Сейчас, когда мы едем все вместе, единым целым, не ссорясь, не ругаясь, не подкалывая друг друга, лишь окутанные невидимой, соединяющей нас прочными нитями надеждой на лучшее, я начинаю понимать, каким же дураком я был, когда обижал своих братьев. Перед глазами встает тот день, когда Майки впервые выкрикнул слово «кавабанга», которое выдумал сам. Это слово не плохое и не хорошее, оно всего лишь наполнено душой младшего брата, в него вложен свой конкретный смысл, состоящий в поддержке нашего общего боевого духа. Но тогда оно меня взбесило, и я под страхом отрывания панциря от спины запретил тому произносить это слово вслух. Зная меня, Майки предпочел остаться при своих частях тела. Он, конечно, потом забыл и простил меня за излишнюю злобу, да и все забыли. Кроме меня… Не могу сказать, почему именно я злился: то ли от того, что не я сам придумал что-то подобное, то ли потому, что мне не хватало должного внимания со стороны других братьев и отца, при том, что я всеми силами отпихивал их от себя, пытаясь скрыть комплексы. И в итоге больше всех внимание получал беззаботный, любопытный, открытый голубоглазый малыш, желающий всего и сразу и ото всех. Мне же всегда казалось, что проявление положительных чувств, это проявление слабости. Если я буду добрым, меня прижмут, унизят, задавят, лишат свободы. Поэтому я убегал, грубил братьям, иногда и отцу, закрывался внутри себя, взрывая свою душу на мелкие кусочки, дрался, собирая тумаки от Лео, особенно, когда доводил до слез младшего, и после рыдал сам, в одиночестве. Во мне всю жизнь кричал дух противоречия. Но как бы я себя не вел, я могу, сейчас я могу признаться себе, что люблю их. Люблю и бешусь на Лео за то, что он морально сильнее меня, за то, что всегда думает и заботиться о нас, за то, что я пойду за ним до конца, несмотря ни на что, он - мой лидер, мой капитан. Люблю Майки за его детскую непосредственность, доброту и чистоту души и сердца, за его вечный позитив и жизнерадостность, за его активность, что не дает нас оседать на месте. Он как теплый лучик солнца в нашем темном и мрачном доме. Люблю Донни за его чуткость и искреннее желание помочь, за его упрямую веру в то, что все можно решить мирно, не подвергая других опасности, за его наивно-глуповатое выражение лица, когда он серьезно разглагольствует о каком-либо факте.

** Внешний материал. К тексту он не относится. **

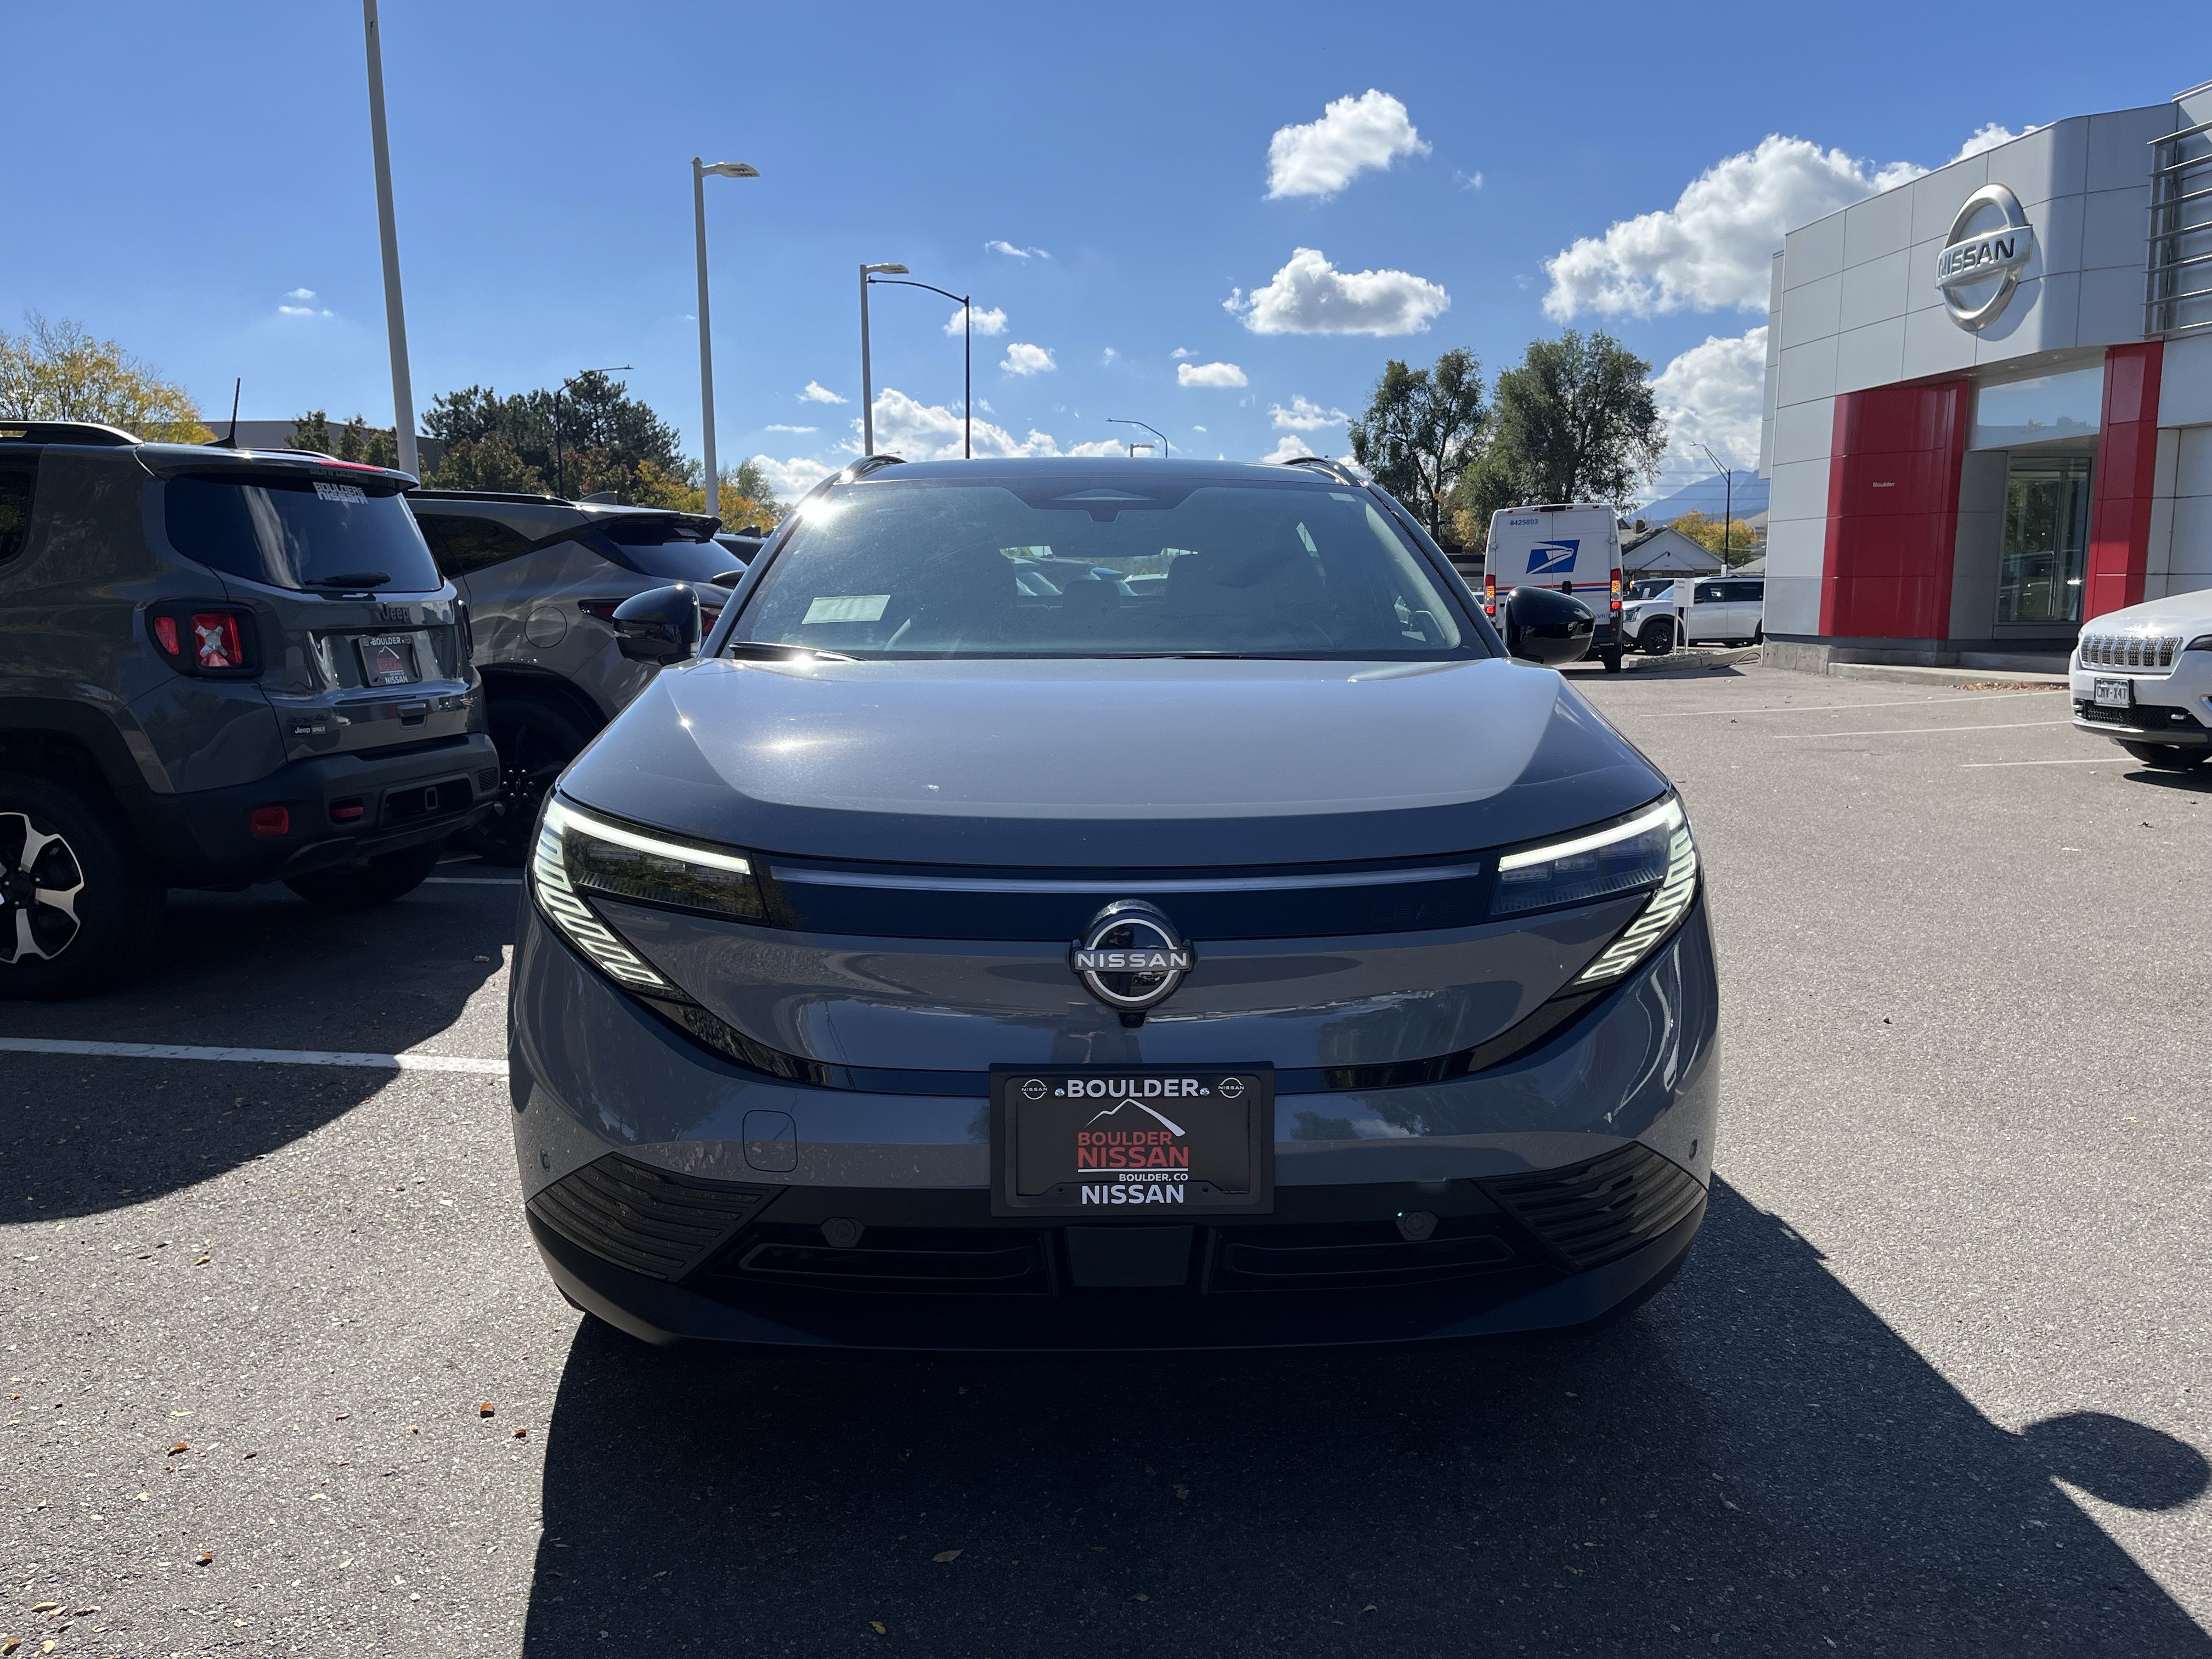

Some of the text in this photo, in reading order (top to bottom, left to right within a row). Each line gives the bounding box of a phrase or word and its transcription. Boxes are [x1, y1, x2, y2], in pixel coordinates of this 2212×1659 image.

[1938, 235, 2015, 279] NISSAN
[382, 604, 410, 622] Jeep
[371, 636, 402, 646] BOULDER
[385, 675, 409, 685] NISSAN
[1372, 903, 1458, 922] LEAF
[1077, 952, 1187, 968] NISSAN
[1067, 1079, 1199, 1098] BOULDER
[1077, 1131, 1172, 1146] BOULDER
[1077, 1146, 1189, 1168] NISSAN
[1119, 1173, 1188, 1182] BOULDER, CO
[1081, 1184, 1184, 1204] NISSAN

Меня так и подмывает высказать все это моим братьям, донести всю боль и радость от того, что они – моя семья. Но я не могу, не могу просто так взять и вывалить на них это. Не сейчас, еще не время. Может быть потом, а может и никогда.
Поэтому я так радуюсь, что могу отвлечься от своих мыслей, когда Майки решает произвести репетицию фрагмента нашего хип-хоп альбома прямо здесь, разряжая обстановку перед предстоящей битвой. Он стучит своими нунчаками, задавая темп, при этом помогая себе всем телом, так что мускулы перекатываются под кожей. Мне кажется, что он не ожидал, что мы все вдруг решим поддержать его идею, точно так же как и я не ожидал ответной реакции от занудного Леонардо. Но тот приятно радует, вступая со своей музыкальной партией сразу вслед за мной, добавляя шикарный звон катаны о катану. Наш гений тоже не отстает, используя свой шест для создания кульминации.
Наша композиция заканчивается как раз на последнем этаже, и мы, не сговариваясь, с криками выскакиваем из лифта. Как дети малые, честное слово. Но такая синхронность меня серьезно поддерживает, как бы глупо мы не выглядели в этот момент.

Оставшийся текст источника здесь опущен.